What the task requires: Word for word, repeat the entries, minus the pictures.

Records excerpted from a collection

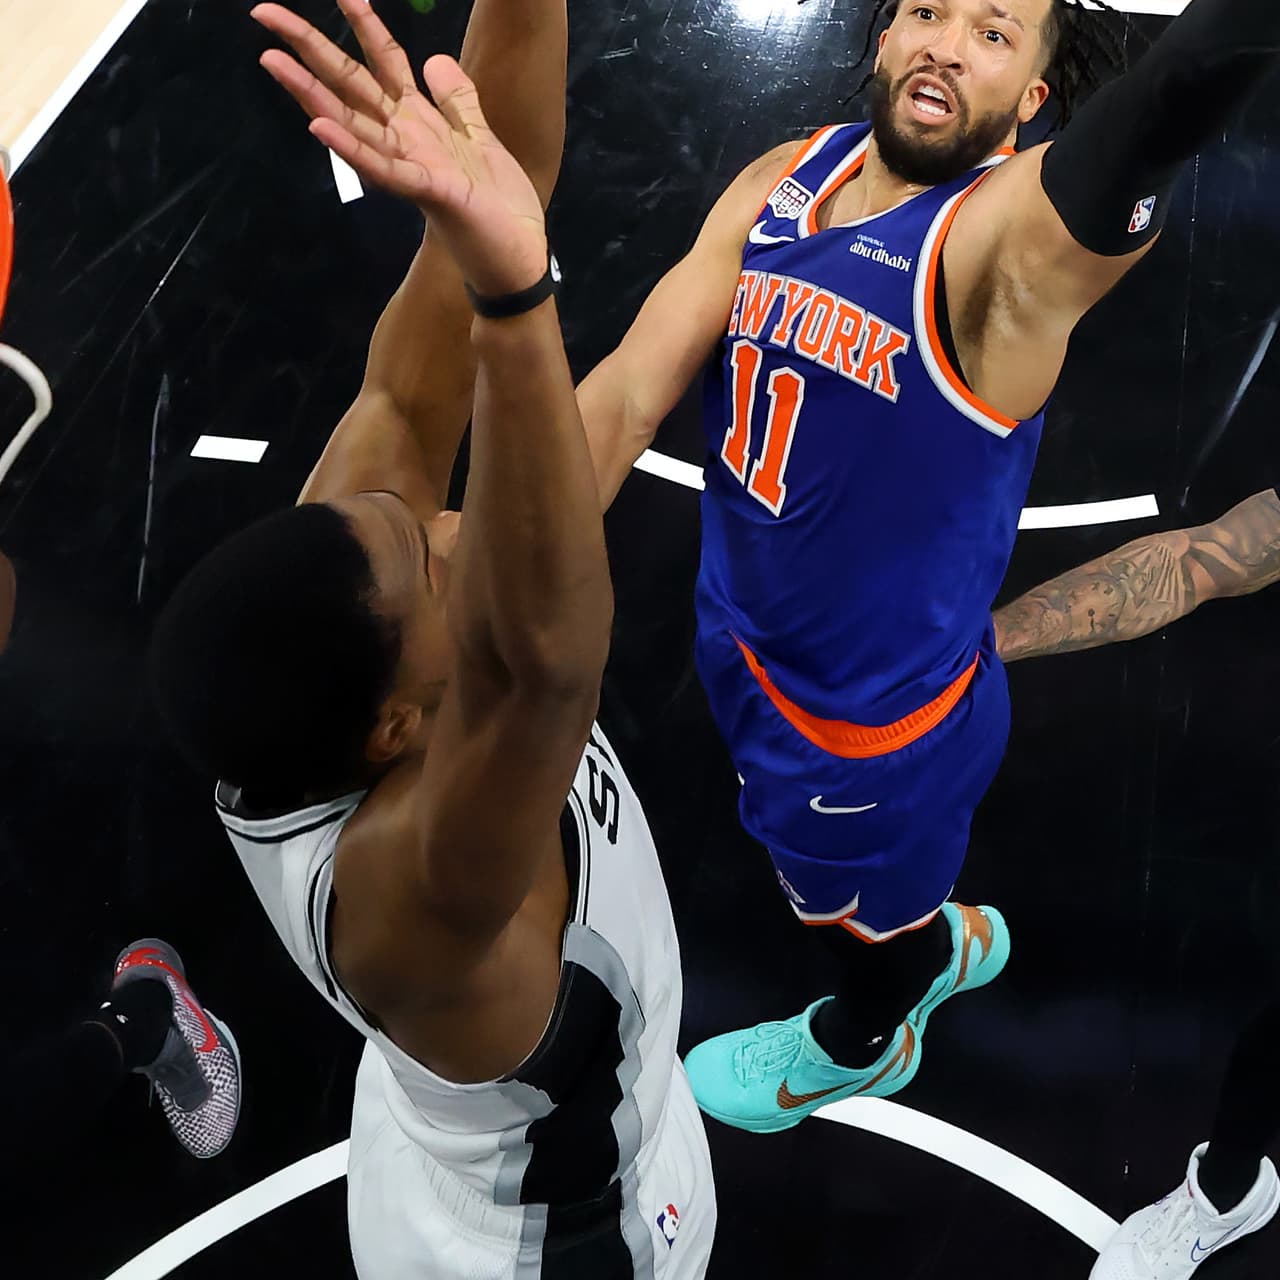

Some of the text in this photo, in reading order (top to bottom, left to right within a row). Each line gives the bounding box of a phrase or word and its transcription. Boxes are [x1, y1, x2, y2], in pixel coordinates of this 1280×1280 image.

[782, 182, 808, 204] USA
[849, 242, 913, 272] abu dhabi
[728, 270, 911, 403] EW YORK
[721, 339, 805, 517] 11
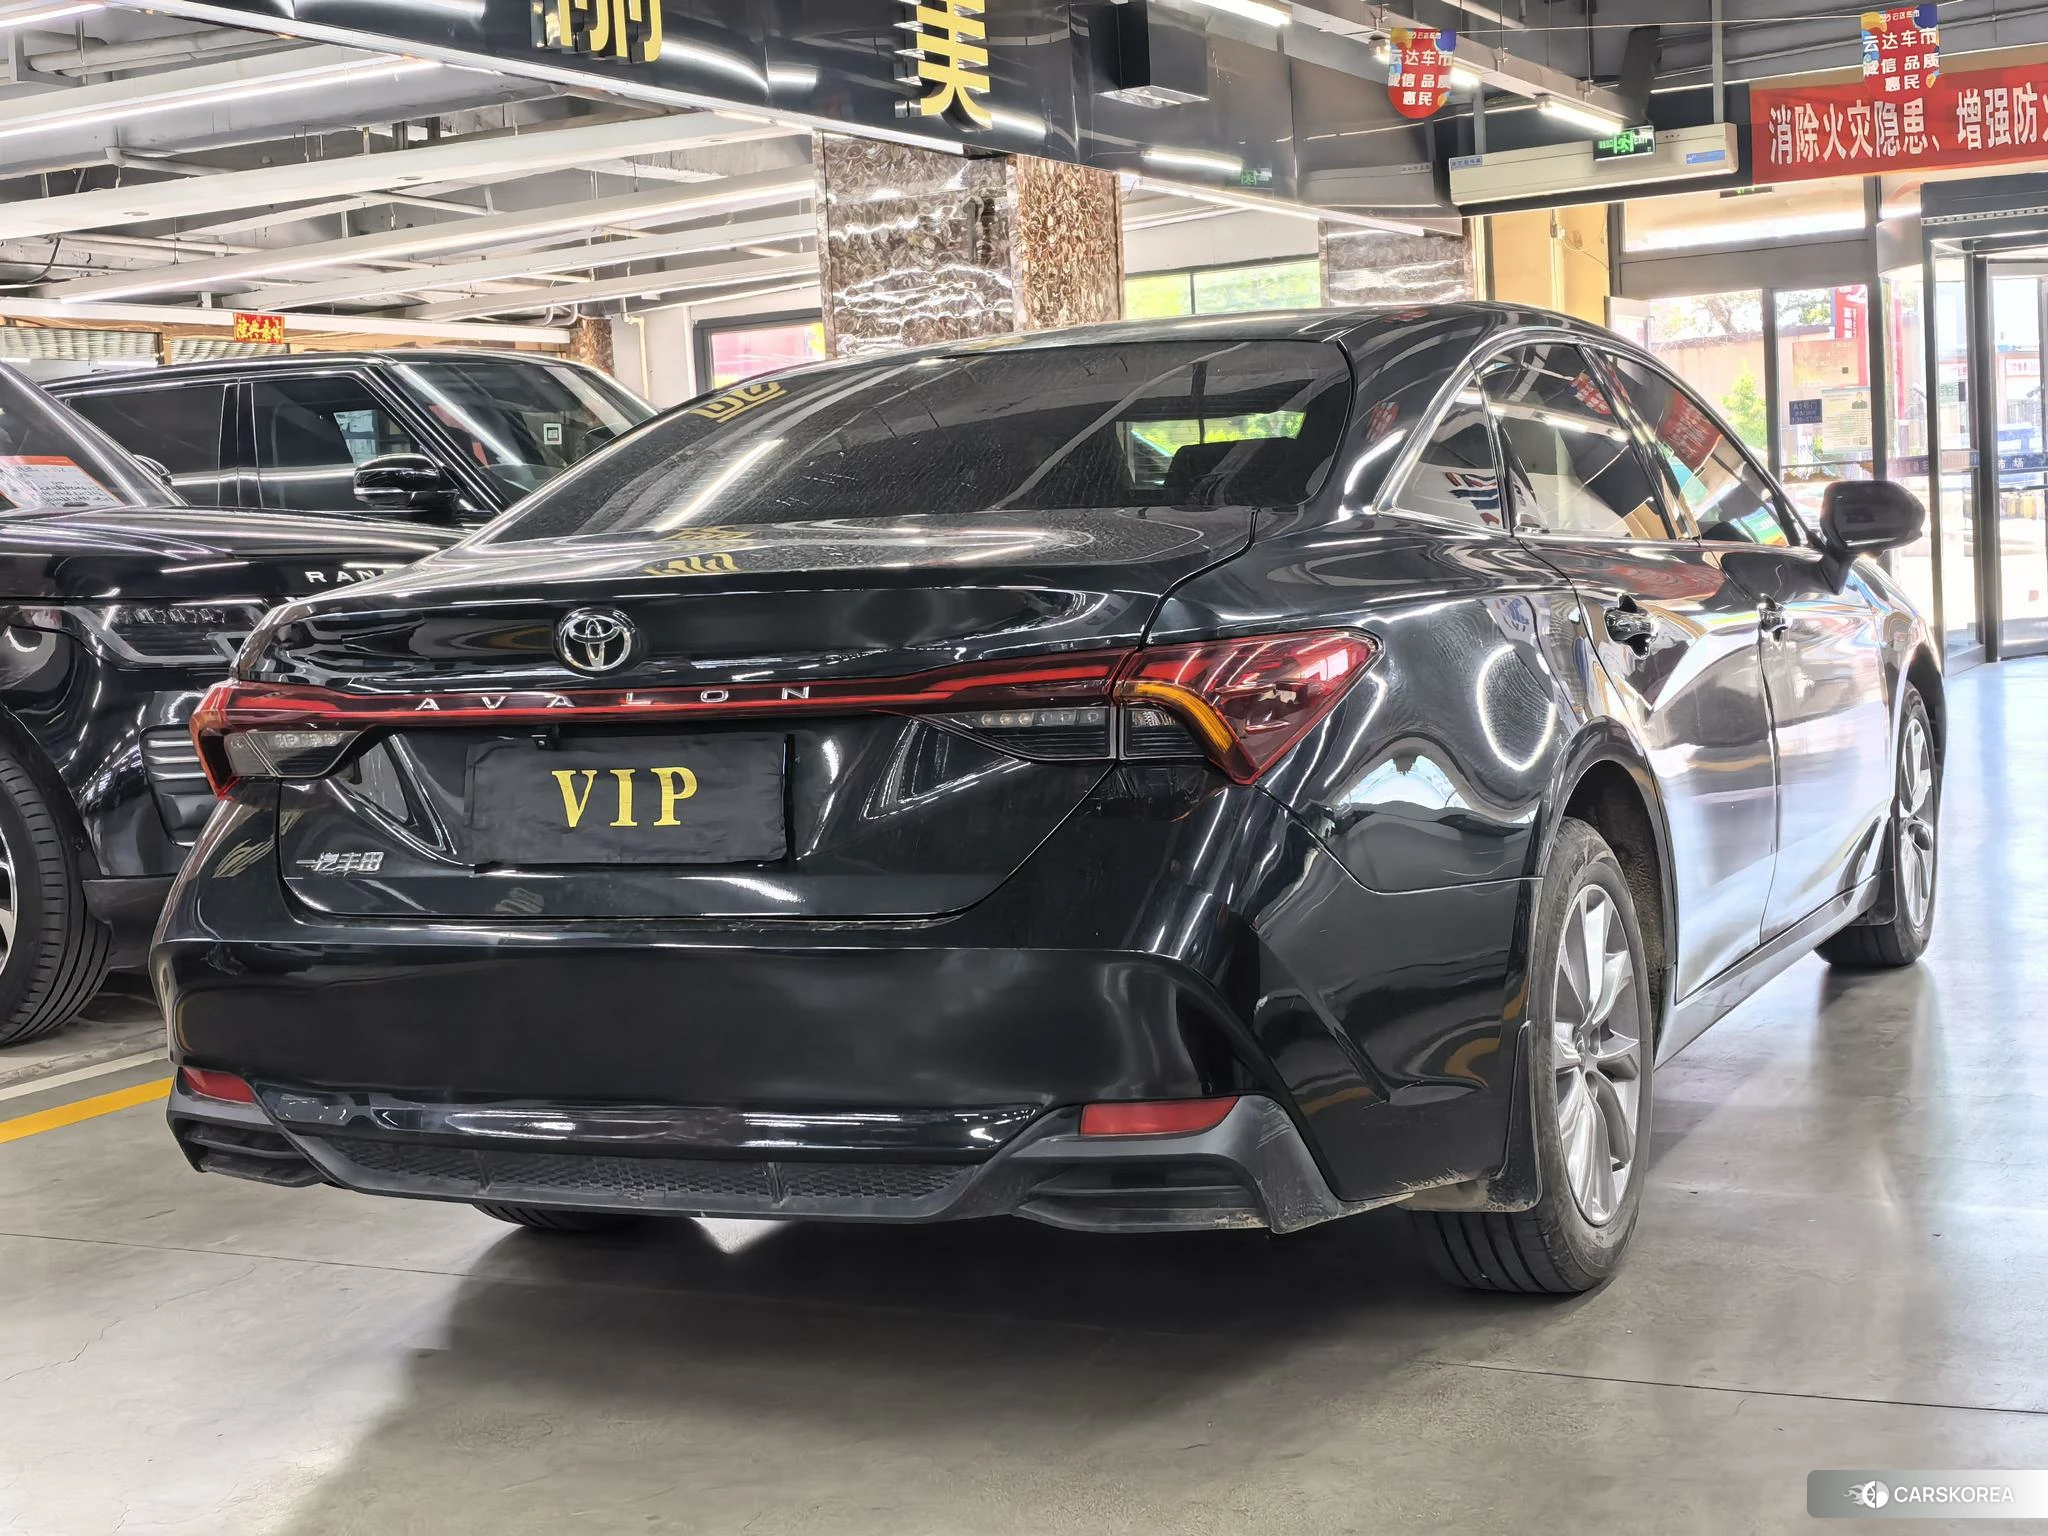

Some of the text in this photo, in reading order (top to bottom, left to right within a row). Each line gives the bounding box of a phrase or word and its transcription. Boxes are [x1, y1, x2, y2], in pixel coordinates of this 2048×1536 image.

[1863, 28, 1937, 52] 云达车市
[1885, 74, 1920, 92] 惠民
[1403, 91, 1432, 106] 惠民
[1769, 82, 2048, 164] 消除火灾隐患、增强防
[305, 569, 396, 583] RAN
[415, 685, 810, 711] AVALON
[551, 766, 698, 828] VIP
[296, 852, 384, 872] 一汽丰田
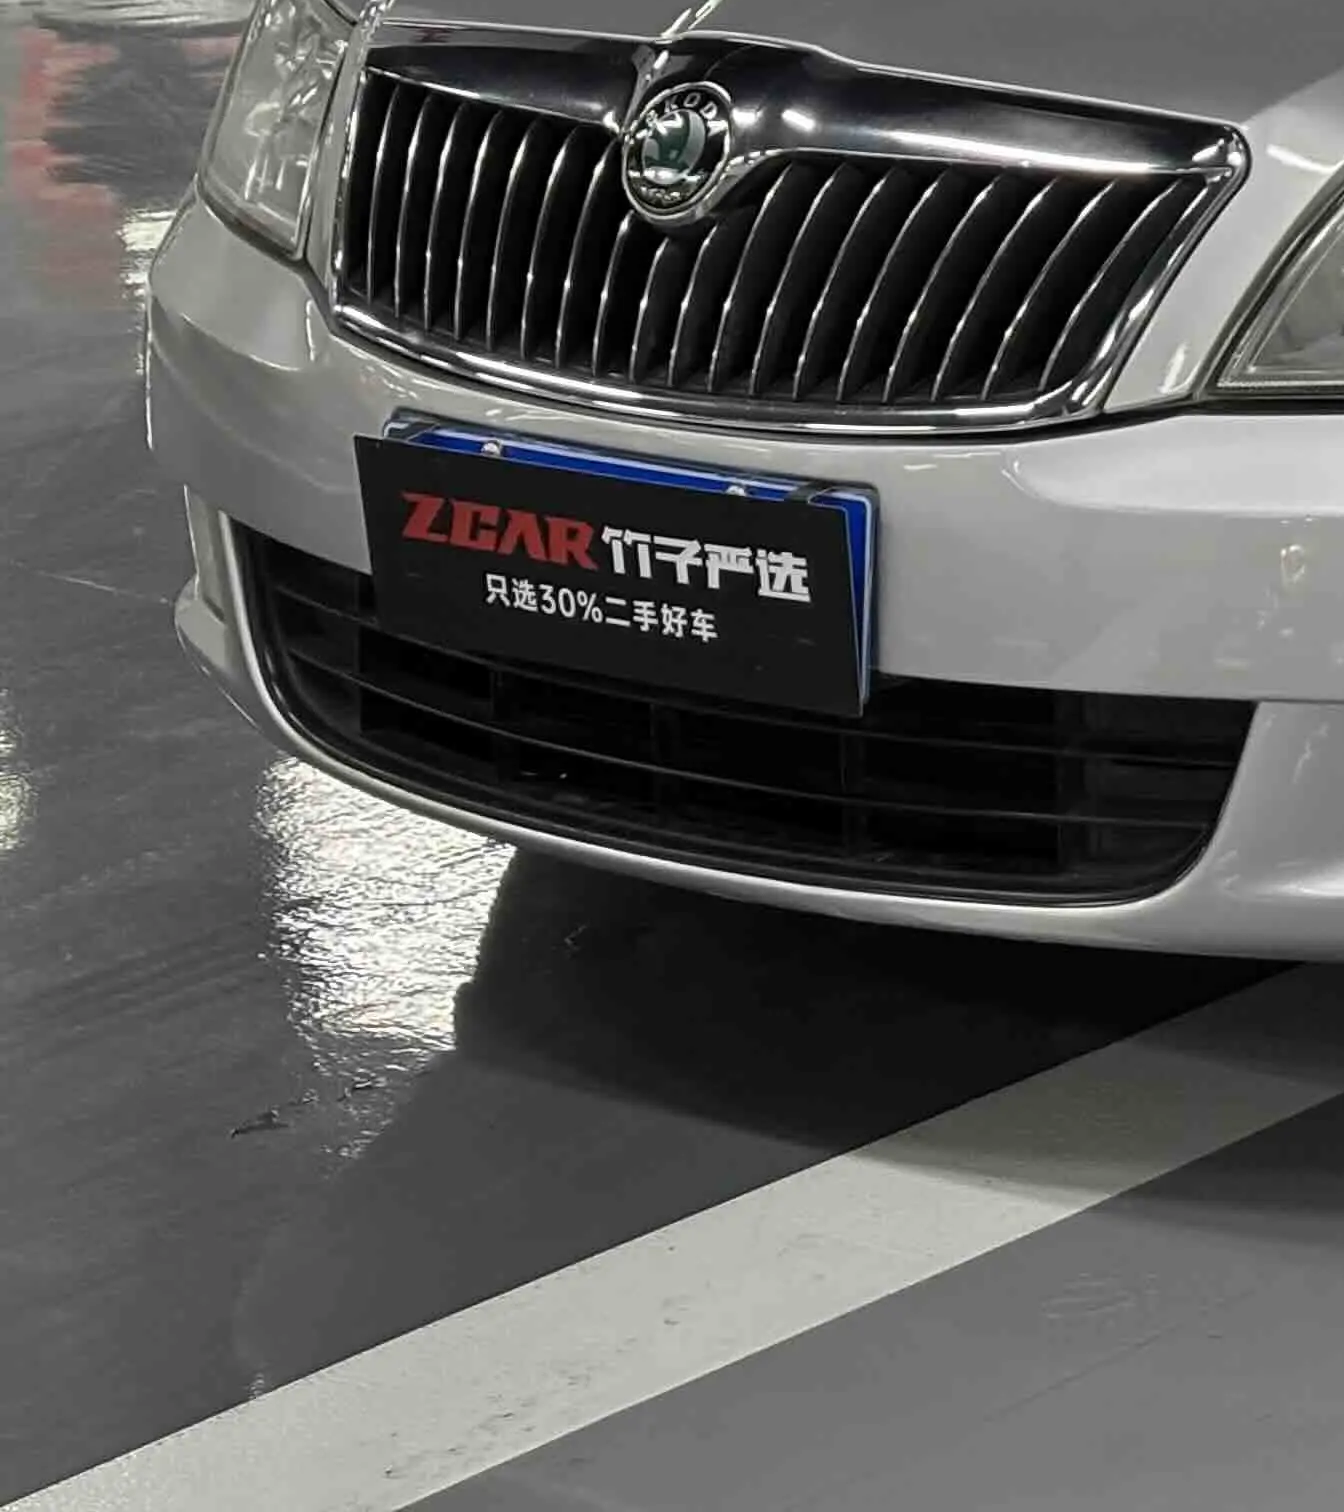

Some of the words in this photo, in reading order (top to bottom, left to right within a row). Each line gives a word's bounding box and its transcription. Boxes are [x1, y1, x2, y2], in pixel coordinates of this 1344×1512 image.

[401, 492, 598, 571] ZCAR
[601, 526, 811, 603] 竹子严选
[485, 572, 718, 642] 只选30%二手好车

Written answer:
Some of the text in this photo, in reading order (top to bottom, left to right within a row). Each line gives the bounding box of a phrase or word and its transcription. Boxes are [x1, y1, x2, y2], in pixel coordinates of this 1280×1280 image.

[782, 182, 808, 204] USA
[849, 242, 913, 272] abu dhabi
[728, 270, 911, 403] EW YORK
[721, 339, 805, 517] 11

Some of the text in this photo, in reading order (top to bottom, left to right within a row). Each line gives the bounding box of a phrase or word and its transcription. Boxes are [x1, y1, x2, y2], in pixel coordinates of this 2048×1536 image.

[1863, 28, 1937, 52] 云达车市
[1885, 74, 1920, 92] 惠民
[1403, 91, 1432, 106] 惠民
[1769, 82, 2048, 164] 消除火灾隐患、增强防
[305, 569, 396, 583] RAN
[415, 685, 810, 711] AVALON
[551, 766, 698, 828] VIP
[296, 852, 384, 872] 一汽丰田

Some of the words in this photo, in reading order (top to bottom, left to right within a row). Each line gives a word's bounding box and its transcription. Boxes are [x1, y1, x2, y2], in pixel coordinates of this 1344×1512 image.

[401, 492, 598, 571] ZCAR
[601, 526, 811, 603] 竹子严选
[485, 572, 718, 642] 只选30%二手好车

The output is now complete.